Professor in Business and Computing, Mariann Hardey, has collaborated alongside the University of Stirling Management School, Chester Business School, Bournemouth University and the University of Manchester, to shed new light on concerning trends of gender-based violence and toxic fan behaviour on mainstream social media platforms. 

Over a period of seven months, the research team carried out an extensive analysis of comments responding to posts on the official TikTok accounts of Manchester United and Burnley football clubs. 

The study found that sexist comments were apparent in all TikTok posts containing female football players, with some also containing more aggressive misogynistic comments.

Dr Emma Kavanagh, Associate Professor in Sport Psychology and Safe Sport at Bournemouth University, said: “Globally, women’s football has seen an incredible rise in its profile and popularity in recent years which is obviously very welcome. However, we have found that a toxic culture among so-called fans is still able to thrive, and the fact it can appear on mainstream platforms and official club channels is particularly concerning.”

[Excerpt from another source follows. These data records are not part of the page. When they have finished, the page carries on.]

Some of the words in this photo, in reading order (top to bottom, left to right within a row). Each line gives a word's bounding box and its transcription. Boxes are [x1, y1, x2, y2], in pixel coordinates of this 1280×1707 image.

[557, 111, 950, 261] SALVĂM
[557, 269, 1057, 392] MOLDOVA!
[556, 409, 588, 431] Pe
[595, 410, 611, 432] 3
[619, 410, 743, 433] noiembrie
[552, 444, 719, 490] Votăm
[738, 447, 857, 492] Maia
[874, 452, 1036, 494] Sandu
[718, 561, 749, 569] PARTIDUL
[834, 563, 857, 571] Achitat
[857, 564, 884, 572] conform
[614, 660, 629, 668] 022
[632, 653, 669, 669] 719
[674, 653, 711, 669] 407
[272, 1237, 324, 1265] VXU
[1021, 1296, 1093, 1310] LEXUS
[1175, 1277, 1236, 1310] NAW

Dr Wasim Ahmed, digital business specialist, said: “Worryingly, some of the toxic comments we looked at were being 'liked' by other users and attracting further disparaging replies, and appeared to be left unchecked by the clubs at the time. It was clear that the accounts were not being monitored on a regular basis for misogynistic comments or sexualised language. The danger is, then, that such exchanges become part of a tone that is acceptable to clubs and their followers.”

In total the researchers studied the responses to 417 videos about the women’s teams posted on the clubs’ accounts – collectively the videos had over seventy million views and fifty-nine thousand comments. 

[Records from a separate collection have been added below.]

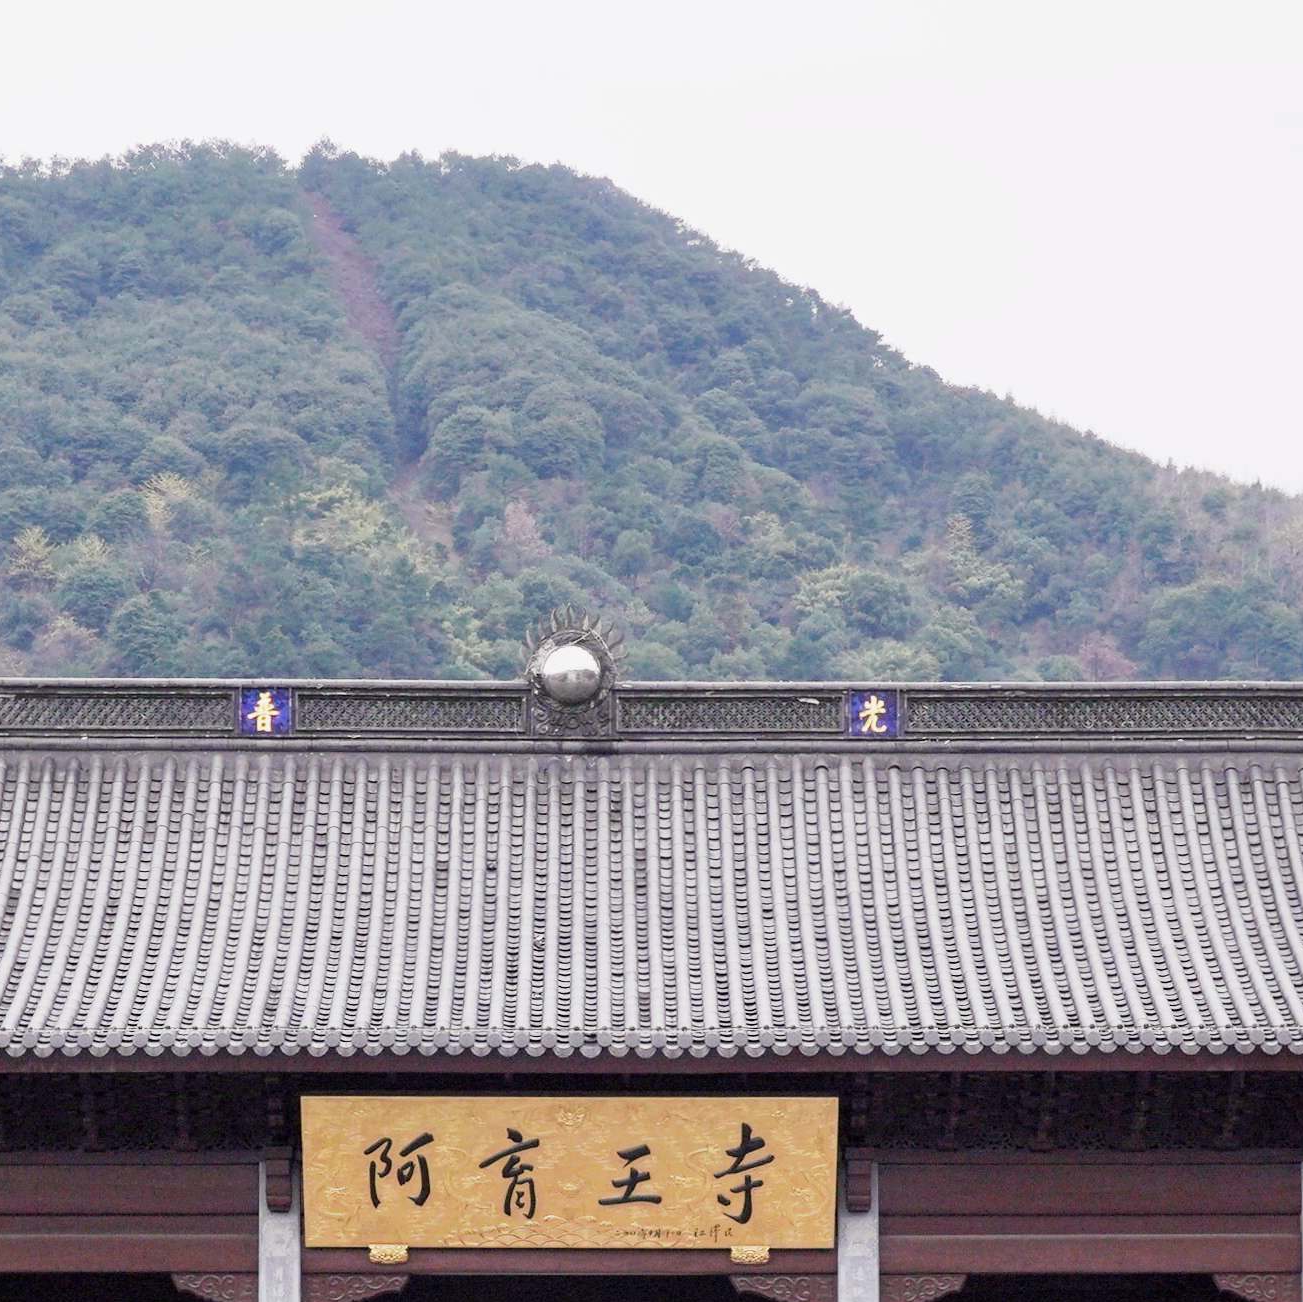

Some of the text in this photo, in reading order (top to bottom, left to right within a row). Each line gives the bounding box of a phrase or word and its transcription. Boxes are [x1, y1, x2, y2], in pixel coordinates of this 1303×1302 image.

[246, 691, 281, 732] 普
[858, 694, 888, 733] 光
[363, 1122, 775, 1225] 阿育王寺
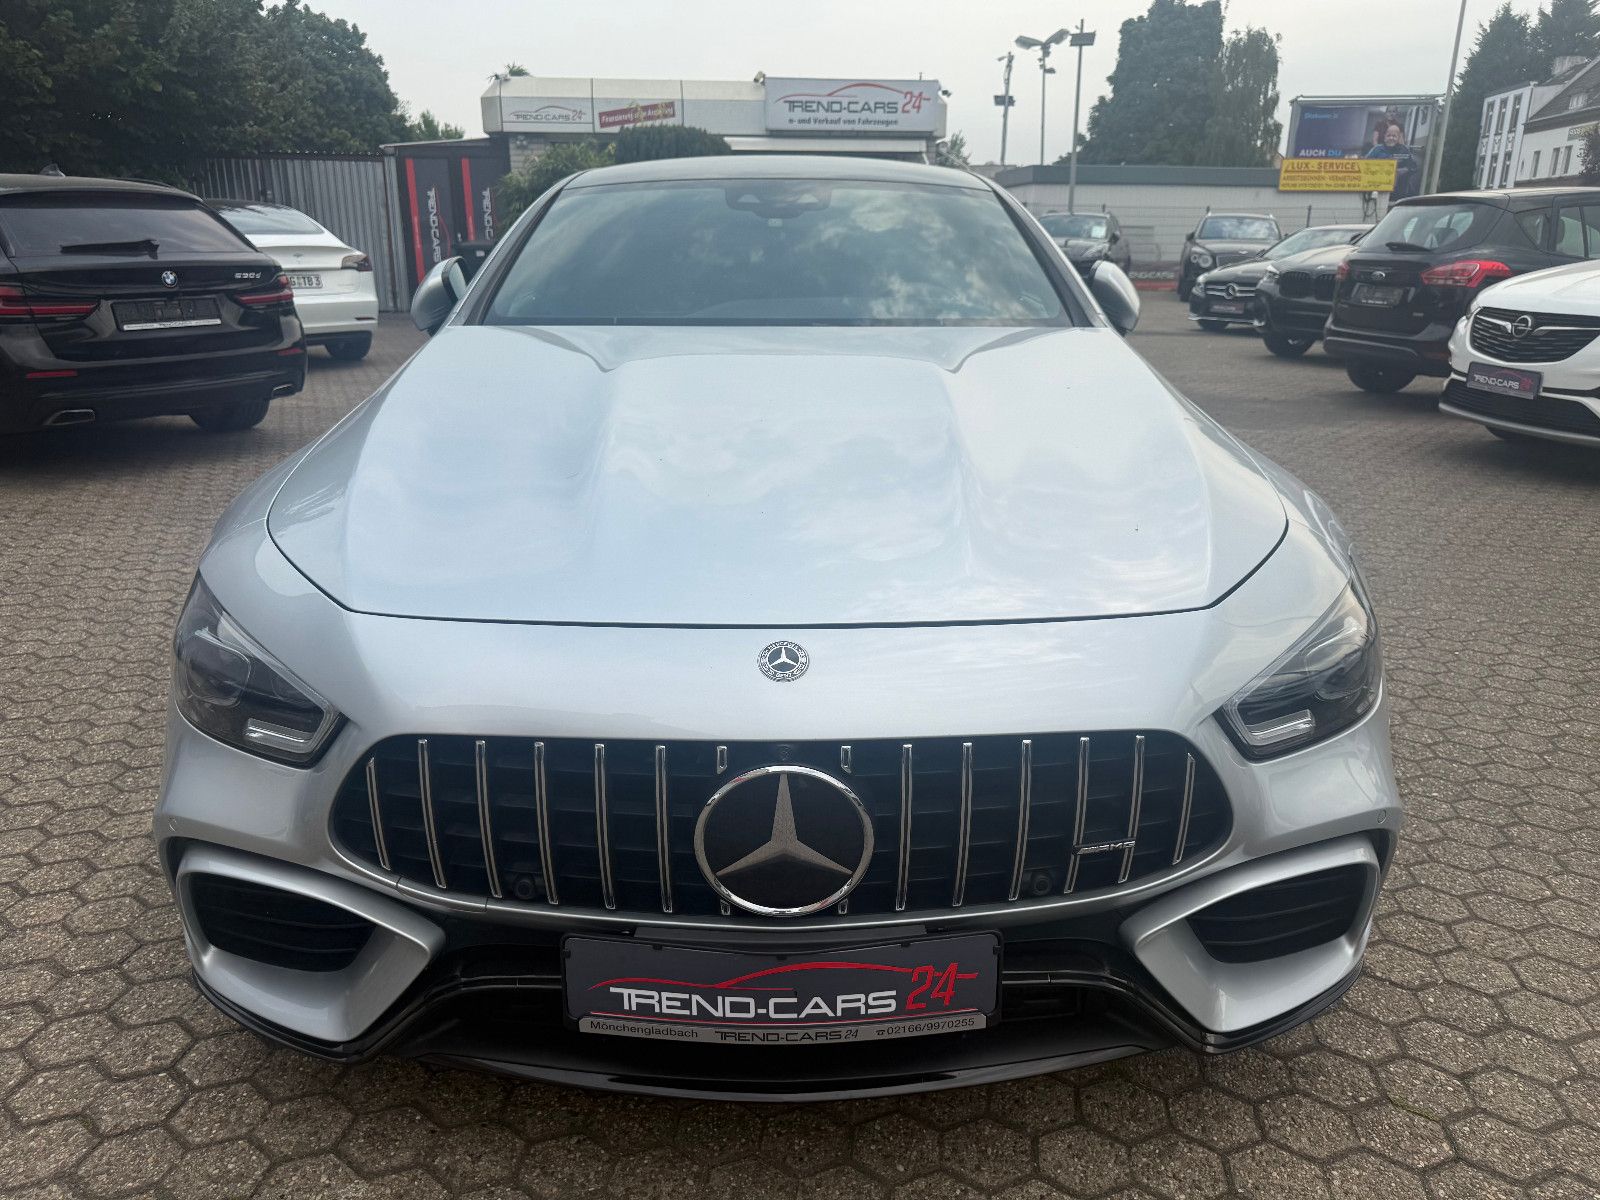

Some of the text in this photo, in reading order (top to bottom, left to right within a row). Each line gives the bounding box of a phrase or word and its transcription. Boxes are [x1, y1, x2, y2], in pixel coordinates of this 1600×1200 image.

[784, 91, 927, 114] TREND-CARS 24
[1299, 149, 1326, 157] AUCH
[1318, 162, 1356, 170] SERVICE
[610, 962, 968, 1019] TREND-CARS 24
[590, 1017, 975, 1042] Mönchengladbach TREND-CARS 24 02166/9970255

The results, published in the journal European Sport Management Quarterly, showed a troubling level of gender-based violence, across four key themes: 

  • Sexism: Belittling the players’ skills and mocking fact that women play football professionally. 
  • Misogyny: Aggressive comments showing hatred and animosity towards the women.
  • Sexualization of women: lurid comments about their appearance, reducing them to mere objects of sexual desire. 
  • A demand for a male-only space: A belief that the club should only share posts about their male players. 

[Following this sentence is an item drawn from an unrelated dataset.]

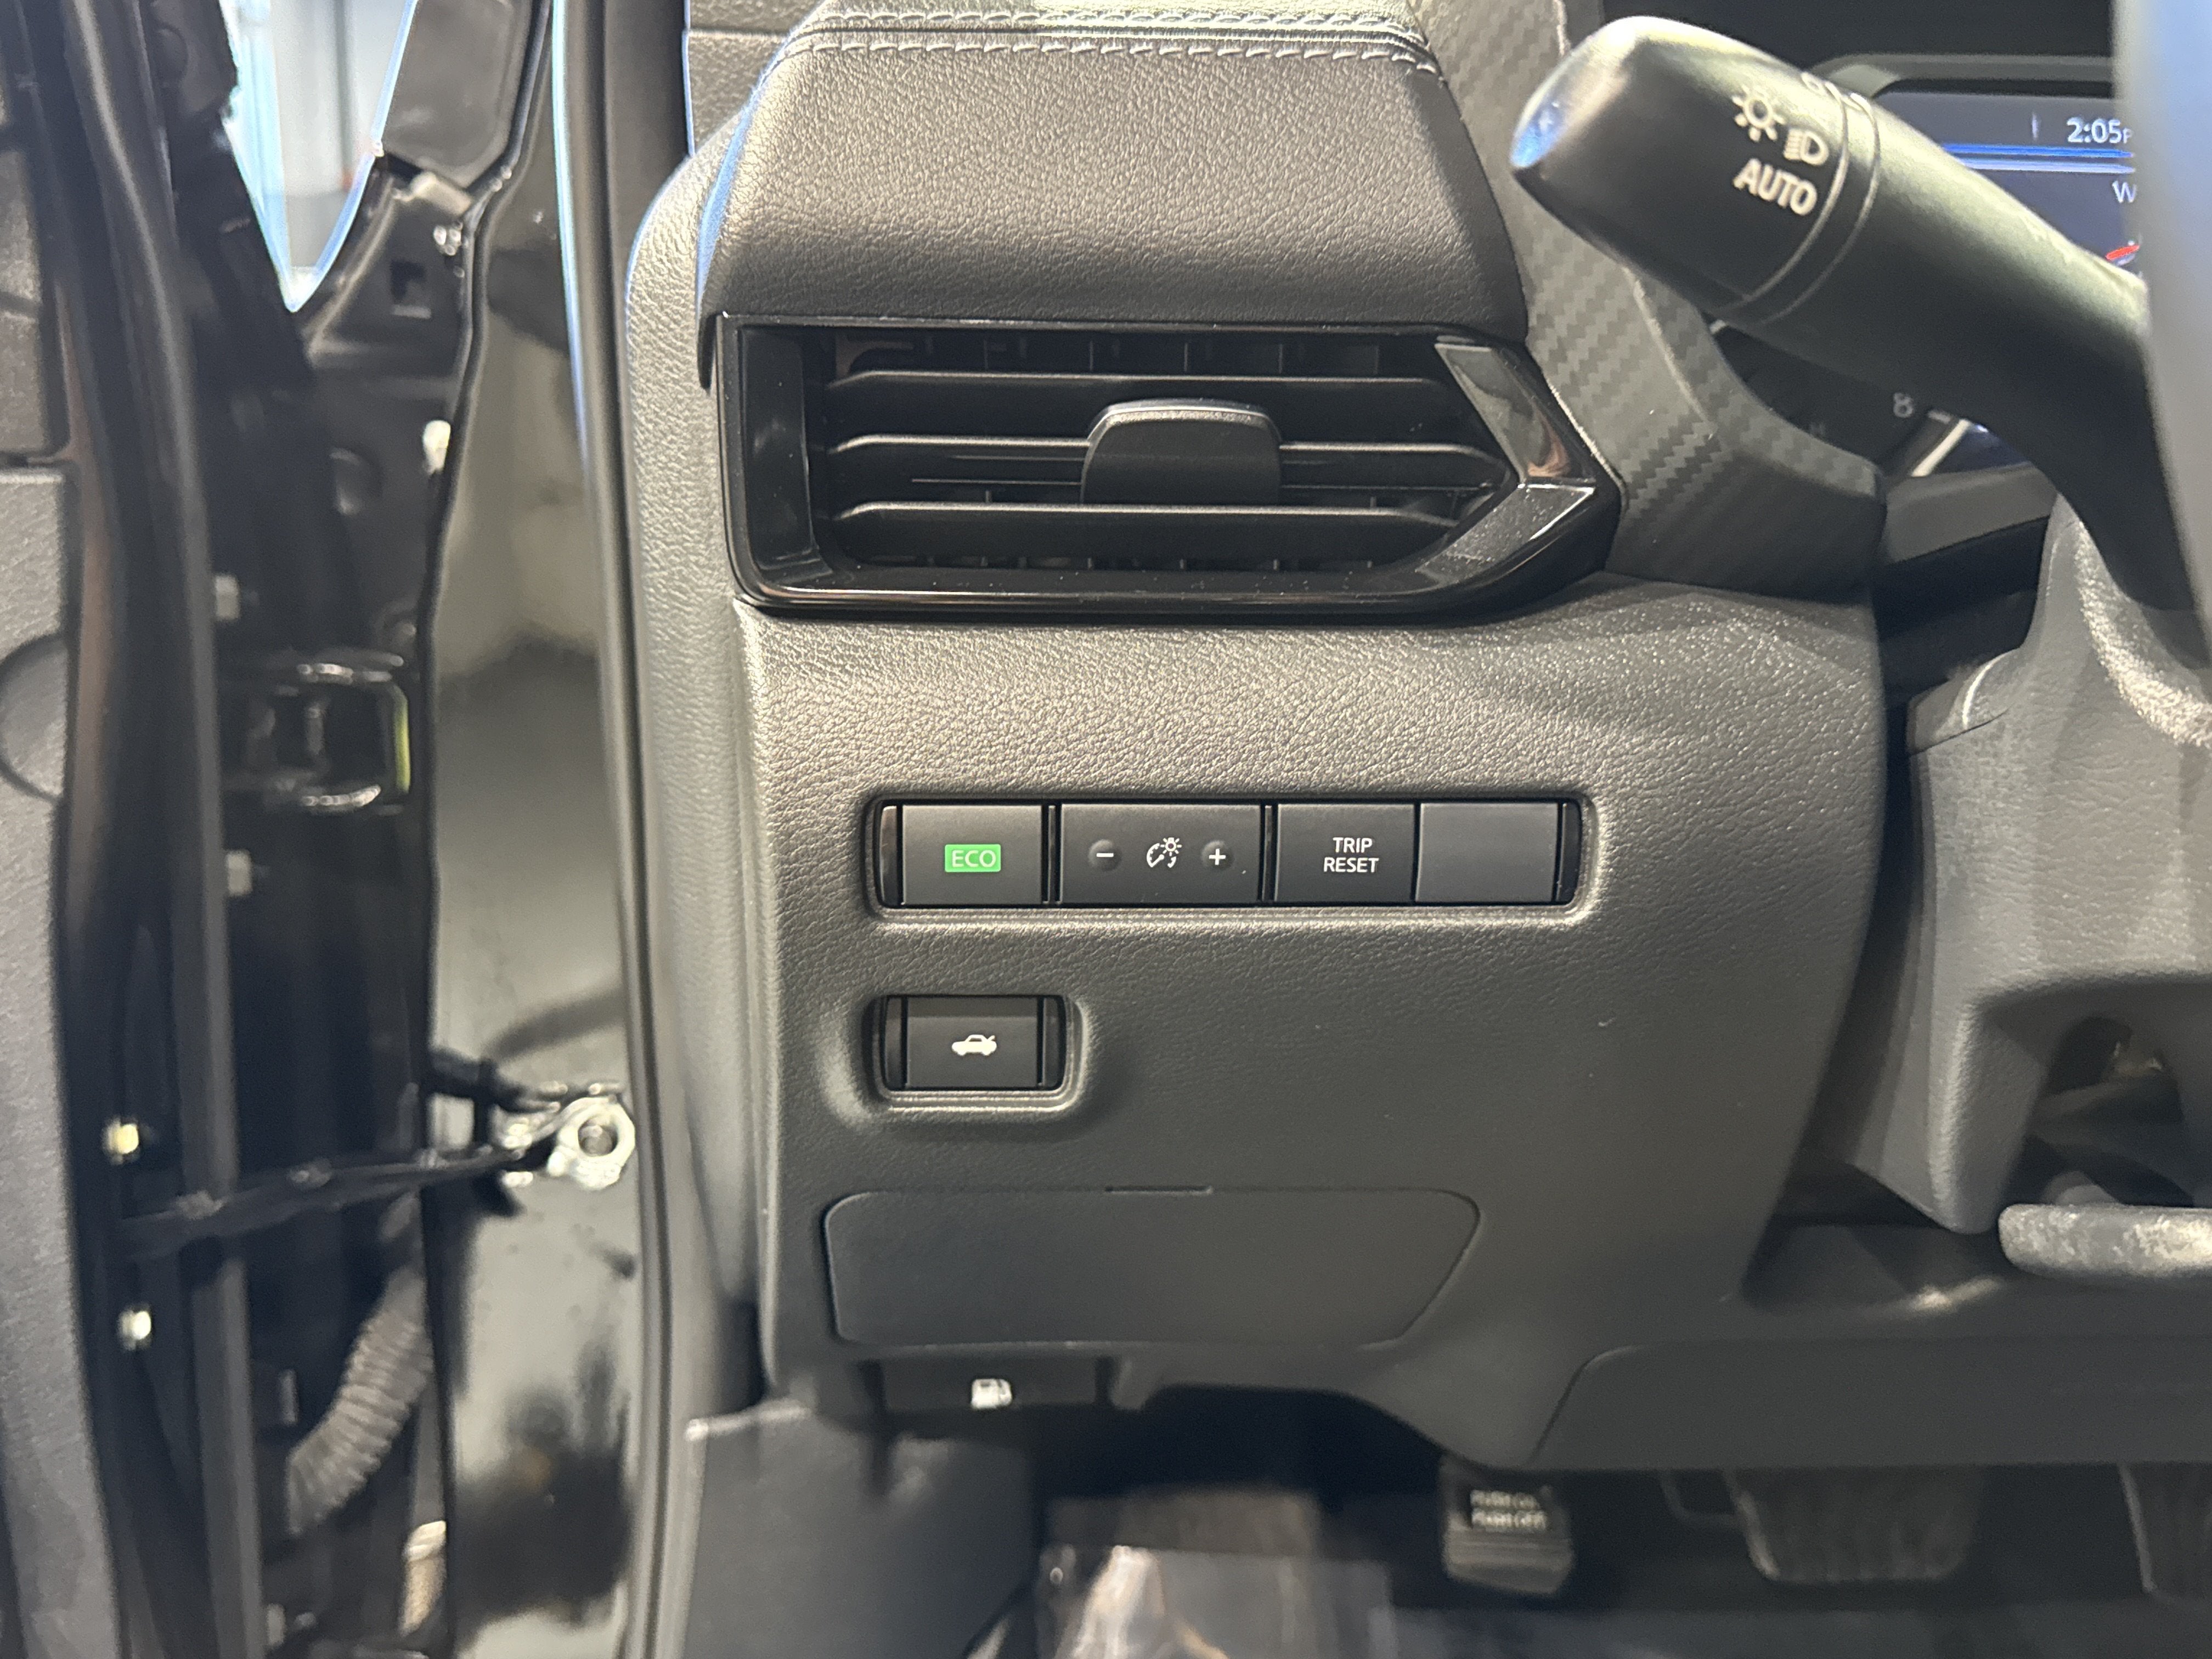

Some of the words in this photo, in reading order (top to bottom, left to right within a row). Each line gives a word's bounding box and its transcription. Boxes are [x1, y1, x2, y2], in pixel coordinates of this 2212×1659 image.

[1733, 157, 1818, 216] AUTO
[1333, 837, 1373, 853] TRIP
[952, 850, 996, 868] ECO
[1323, 856, 1379, 873] RESET

Professor Mariann Hardey reflected the data collection raised pronounced issues of online trauma and abuse that was discussed amongst the research team, said: "We were not initially prepared for the viatorial and targeted abuse we found. As a team, the study allowed us to raise concerns in a safe space, but this reflects a vulnerable space for professional women sports players who are easy to target and attack."

Dr Kavanagh concluded, “This study shows how urgent it is for football clubs to address longstanding issues of toxic fan behaviours. Hopefully it will serve as a wake-up call to clubs and social media platforms to act, for the wellbeing of their players and also to bring a more respectful and inclusive online culture for their fans.”